Early stages: Cheung has flirted with acting since 2012, including a role in I Have a Date with Autumn.
Early stages: Cheung has flirted with acting since 2012, including a role in I Have a Date with Autumn.
With his boy-next-door charm and talent for music, Cheung established himself as one of Canto-pop’s most popular singersongwriters after moving here in the early noughties. While he may have had some good fortune along the way, the fact that he comes across as a cultured individual is no accident. Cheung’s recent creative pursuits in theatre are a direct consequence of his disillusionment with the fads that shape the pop music industry. His observations have only reinforced his belief that knowledge is important for a performer’s career.

“I don’t just want to have fun for a few years and then vanish completely; I want to be a long-lasting, evergreen artist,” he says.

“A lot of trends in the music business are mere bubbles.
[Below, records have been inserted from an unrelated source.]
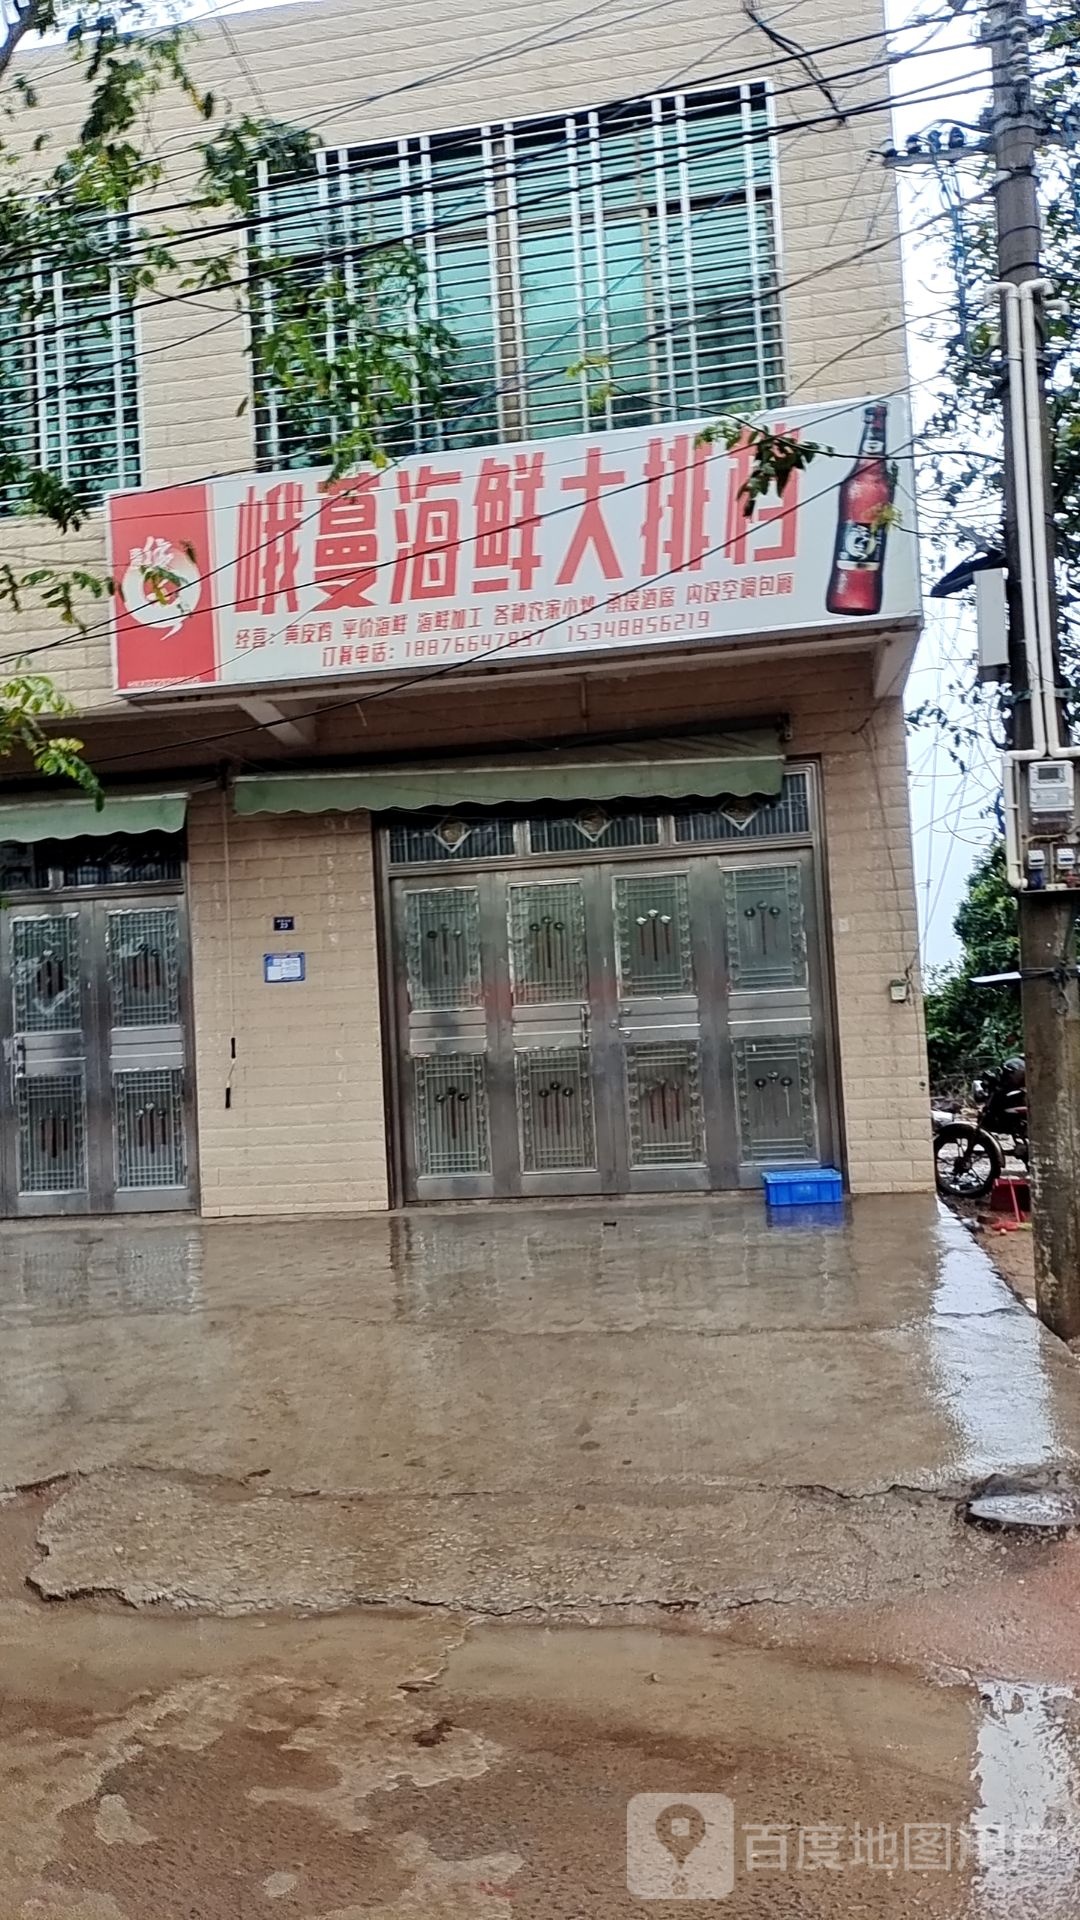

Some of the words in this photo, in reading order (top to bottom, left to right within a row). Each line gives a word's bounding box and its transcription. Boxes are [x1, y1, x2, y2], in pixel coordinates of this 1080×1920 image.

[234, 423, 801, 615] 峨蔓海鲜大排档
[416, 607, 483, 633] 海鲜加工
[567, 611, 710, 642] 15348856219
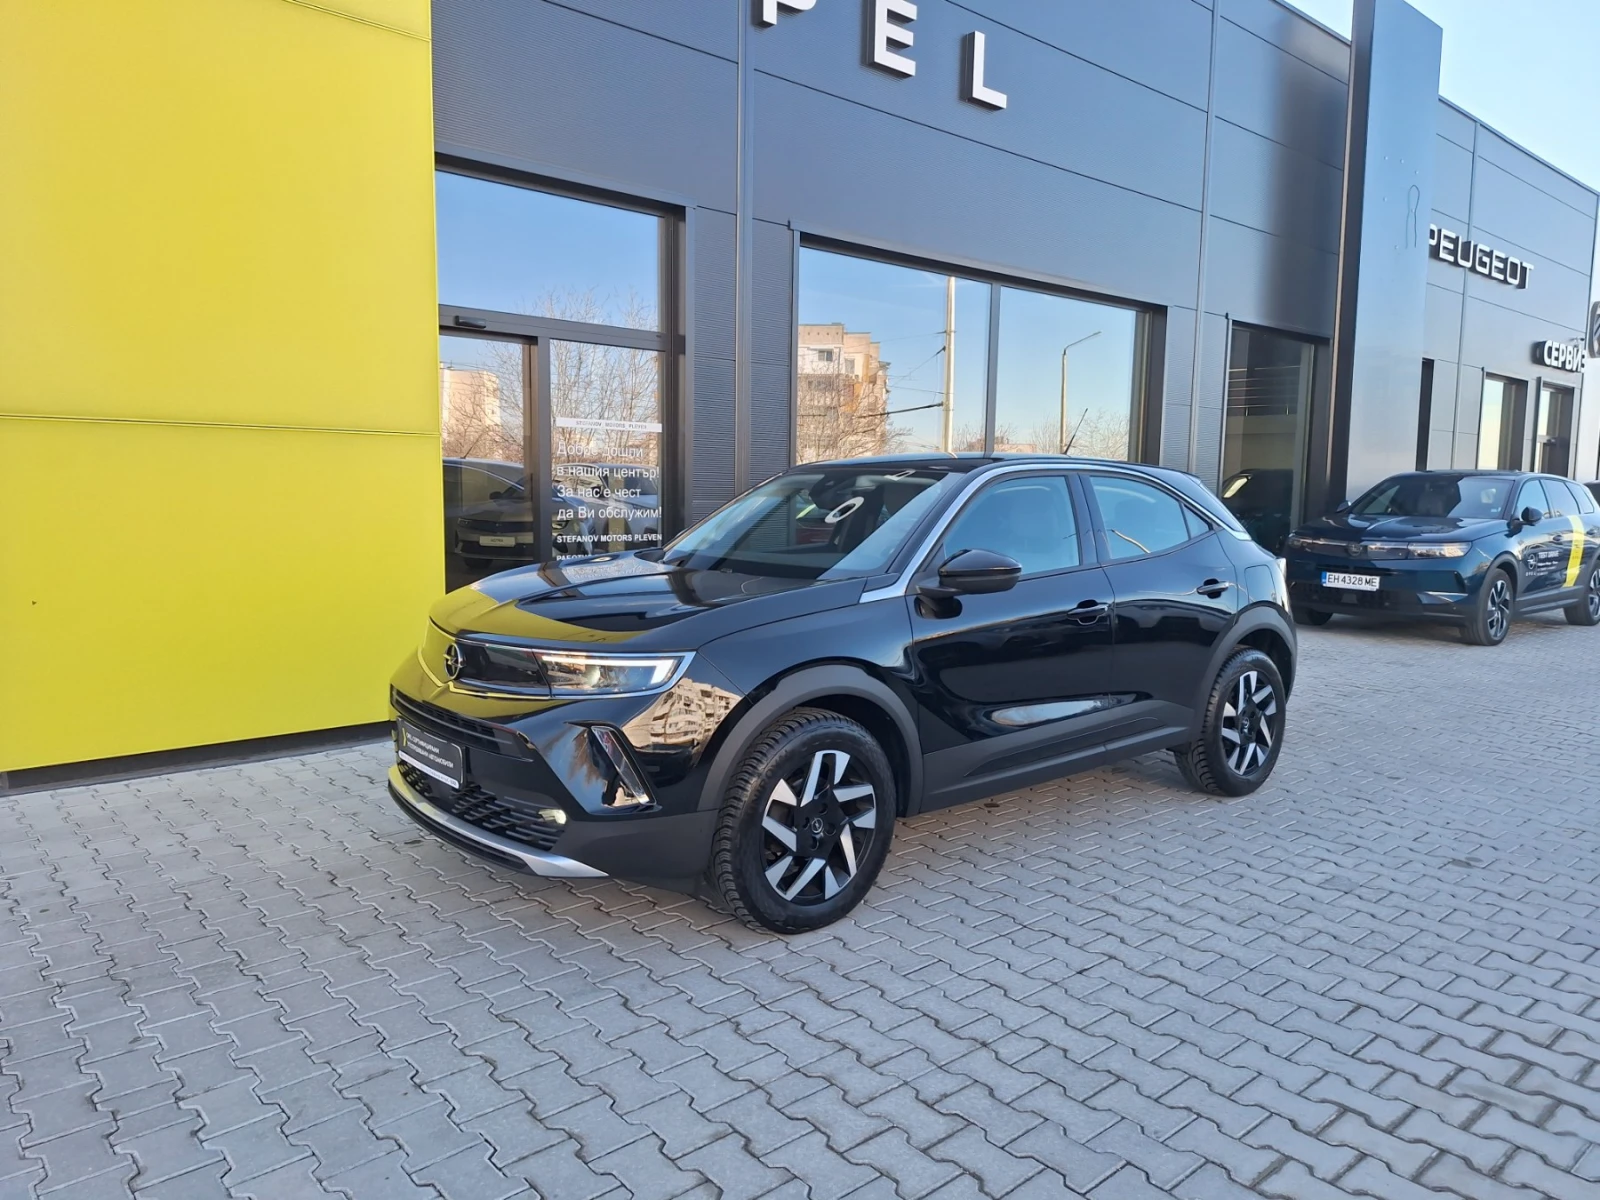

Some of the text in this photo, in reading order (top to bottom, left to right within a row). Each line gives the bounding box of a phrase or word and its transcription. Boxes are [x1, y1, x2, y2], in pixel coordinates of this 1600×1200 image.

[760, 0, 1007, 110] EL
[1544, 340, 1586, 373] СЕРВИЗ
[557, 441, 643, 457] Добре дошли
[557, 466, 660, 480] в нашия център!
[557, 485, 642, 498] За нас е чест
[557, 506, 662, 521] да Ви обслужим!
[556, 533, 662, 543] STEFANOV MOTORS PLEVEN
[1327, 574, 1378, 588] EH 4328 ME
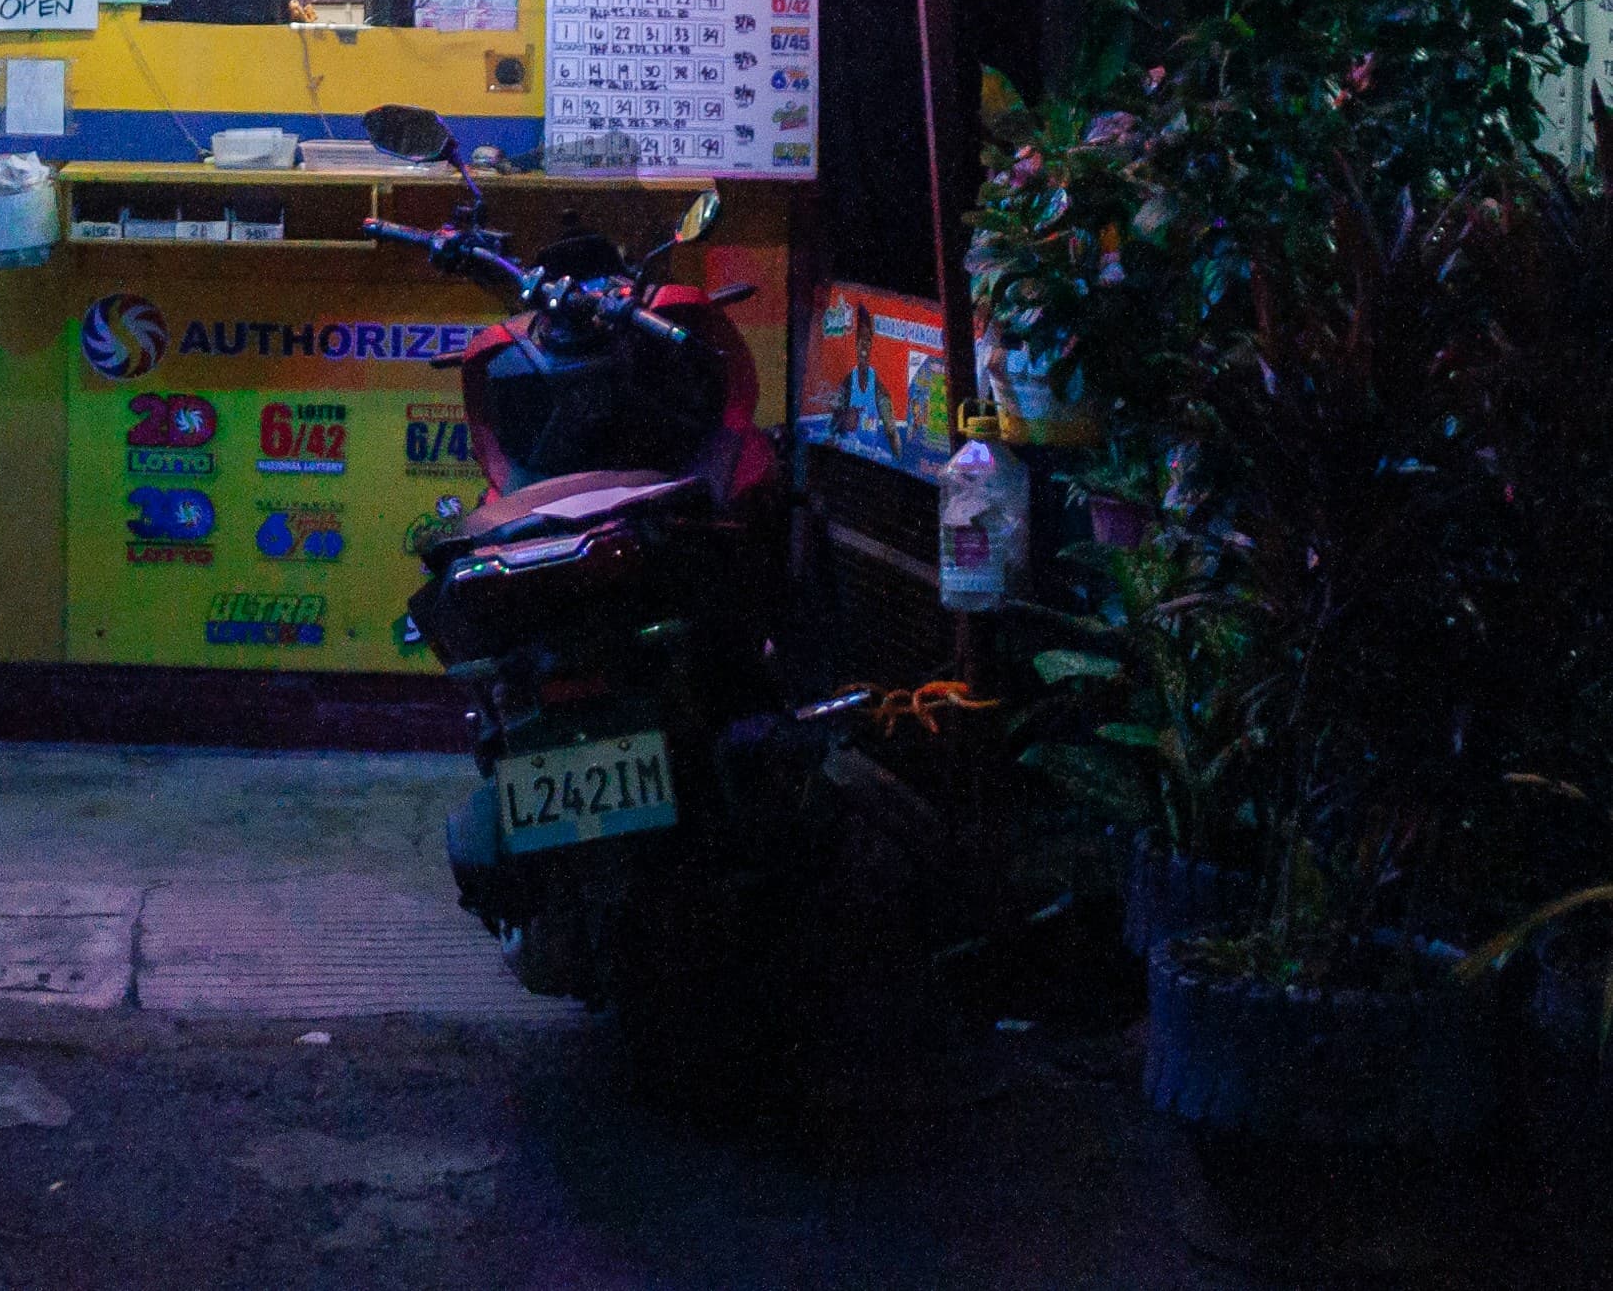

For example, Korean fashion or hairstyles may be all the rage in this period, followed by New York music culture, like hip hop and R&B, in the next period.

“It changes all the time and trends of this consumer culture are simply not going to last. I can’t spend every day of my life dealing with them.”

As part of his efforts to stand up favourably to the test of time, Cheung has been reading classic novels, citing Victor Hugo’s Les Misérables and The Hunchback of Notre-Dame as two of his earliest reads. Having taken part in a few Cantonese musicals as a singer, including 2010’s Octave, he has also started to test himself in traditional theatre.

Cheung made his debut as a stage actor in the Hong Kong Repertory Theatre’s I Have a Date with Autumn in 2012, which he credits as the occasion he learned to “discover myself on stage”.

While his portrayal of the drag queen Greta in last year’s Bent, a production by Windmill Grass Theatre, provided a formative moment when Cheung attempted to bring his giggling fans into the story, his first real test on the stage is shaping up to be his performance in Equus next month.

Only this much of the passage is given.